Work task :: Please write out the listing exactly, leaving each picture out.

Working data ::
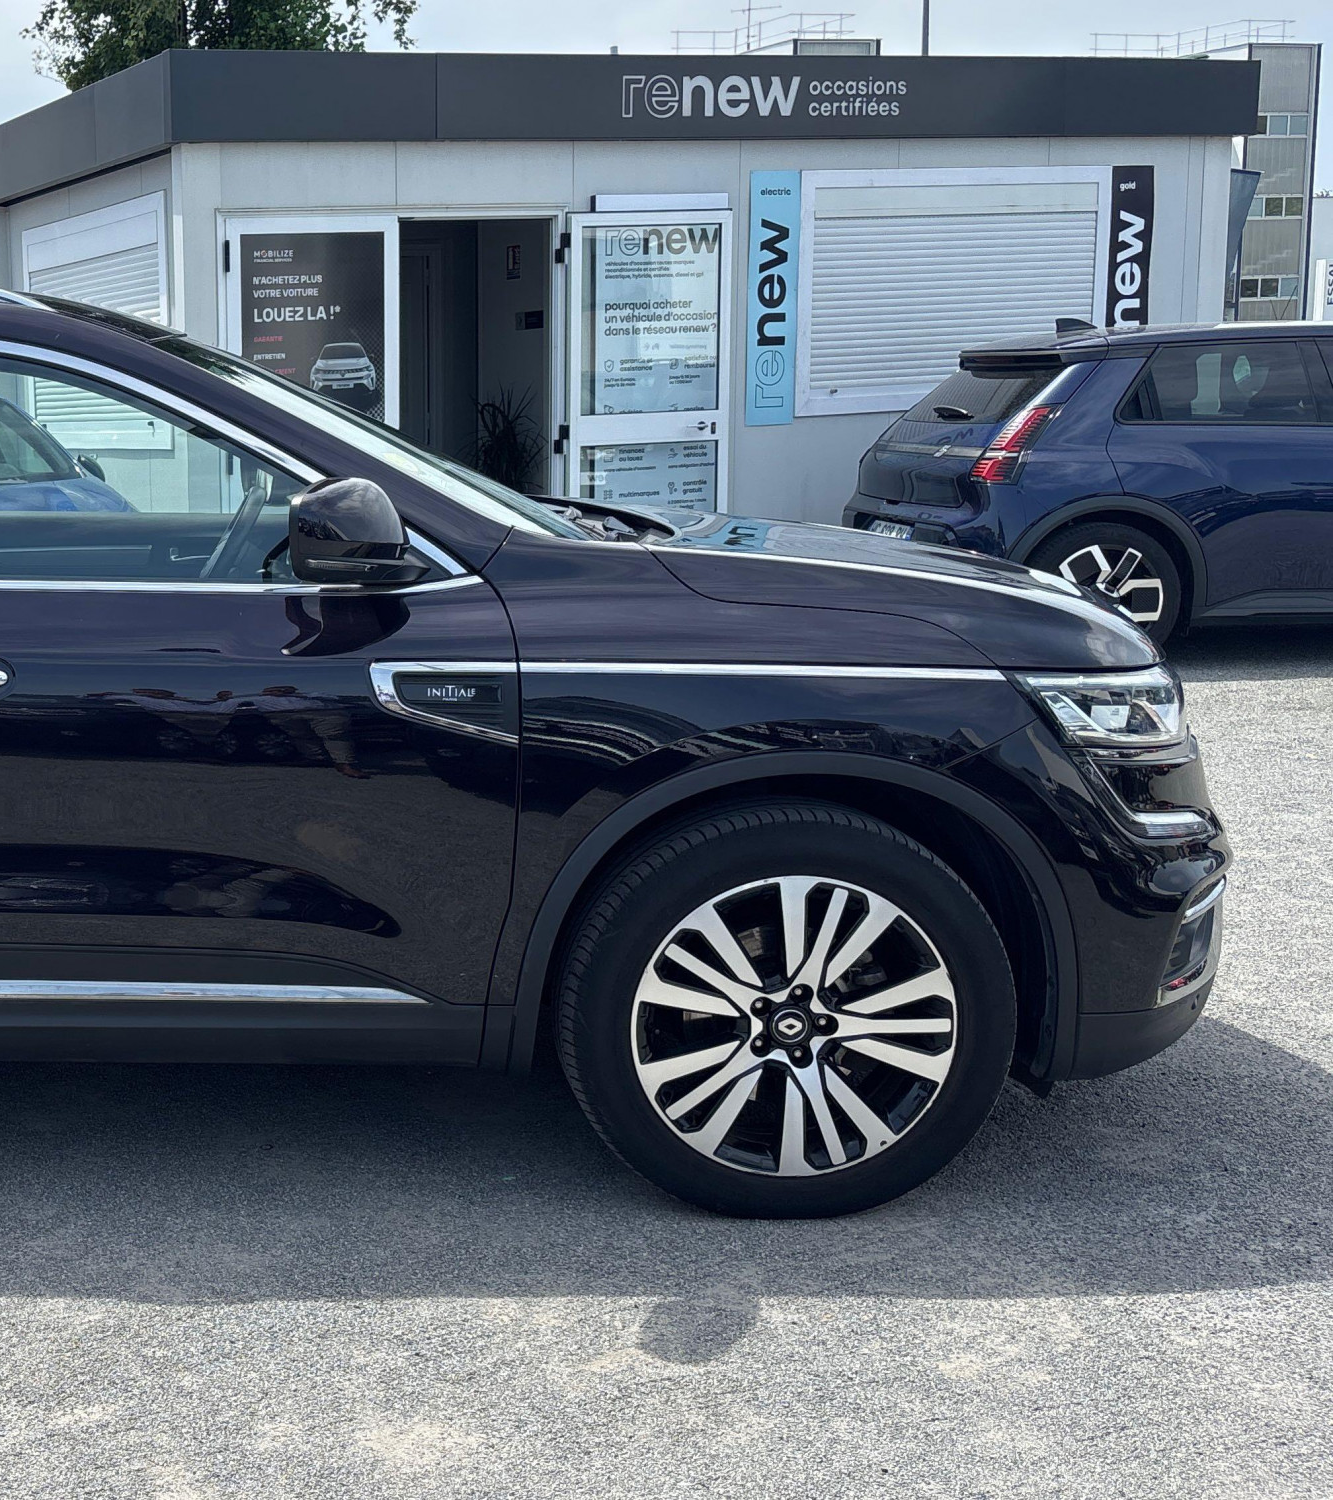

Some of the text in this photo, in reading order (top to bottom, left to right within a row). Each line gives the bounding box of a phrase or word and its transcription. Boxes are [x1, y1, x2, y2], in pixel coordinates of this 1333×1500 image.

[809, 76, 907, 96] occasions
[622, 74, 801, 119] renew
[808, 96, 900, 117] certifiées
[760, 187, 792, 196] electric
[1120, 181, 1136, 192] gold
[605, 227, 718, 256] renew
[253, 250, 294, 258] MOBILIZE
[1114, 210, 1145, 327] new
[253, 274, 323, 285] N'ACHETEZ PLUS
[253, 288, 319, 298] VOTRE VOITURE
[604, 299, 692, 313] pourquoi acheter
[254, 307, 304, 323] LOUEZ
[307, 306, 327, 320] LA
[604, 315, 618, 324] un
[619, 312, 662, 323] véhicule
[755, 218, 790, 408] renew
[604, 326, 631, 336] dans
[632, 325, 641, 336] le
[643, 324, 677, 335] réseau
[679, 325, 710, 333] renew
[618, 490, 660, 498] multimarques
[682, 487, 703, 495] gratuit
[427, 685, 476, 697] INITIALE

Output for this exercise ::
Some of the text in this photo, in reading order (top to bottom, left to right within a row). Each line gives the bounding box of a phrase or word and its transcription. Boxes are [x1, y1, x2, y2], in pixel coordinates of this 1333×1500 image.

[809, 76, 907, 96] occasions
[622, 74, 801, 119] renew
[808, 96, 900, 117] certifiées
[760, 187, 792, 196] electric
[1120, 181, 1136, 192] gold
[605, 227, 718, 256] renew
[253, 250, 294, 258] MOBILIZE
[1114, 210, 1145, 327] new
[253, 274, 323, 285] N'ACHETEZ PLUS
[253, 288, 319, 298] VOTRE VOITURE
[604, 299, 692, 313] pourquoi acheter
[254, 307, 304, 323] LOUEZ
[307, 306, 327, 320] LA
[604, 315, 618, 324] un
[619, 312, 662, 323] véhicule
[755, 218, 790, 408] renew
[604, 326, 631, 336] dans
[632, 325, 641, 336] le
[643, 324, 677, 335] réseau
[679, 325, 710, 333] renew
[618, 490, 660, 498] multimarques
[682, 487, 703, 495] gratuit
[427, 685, 476, 697] INITIALE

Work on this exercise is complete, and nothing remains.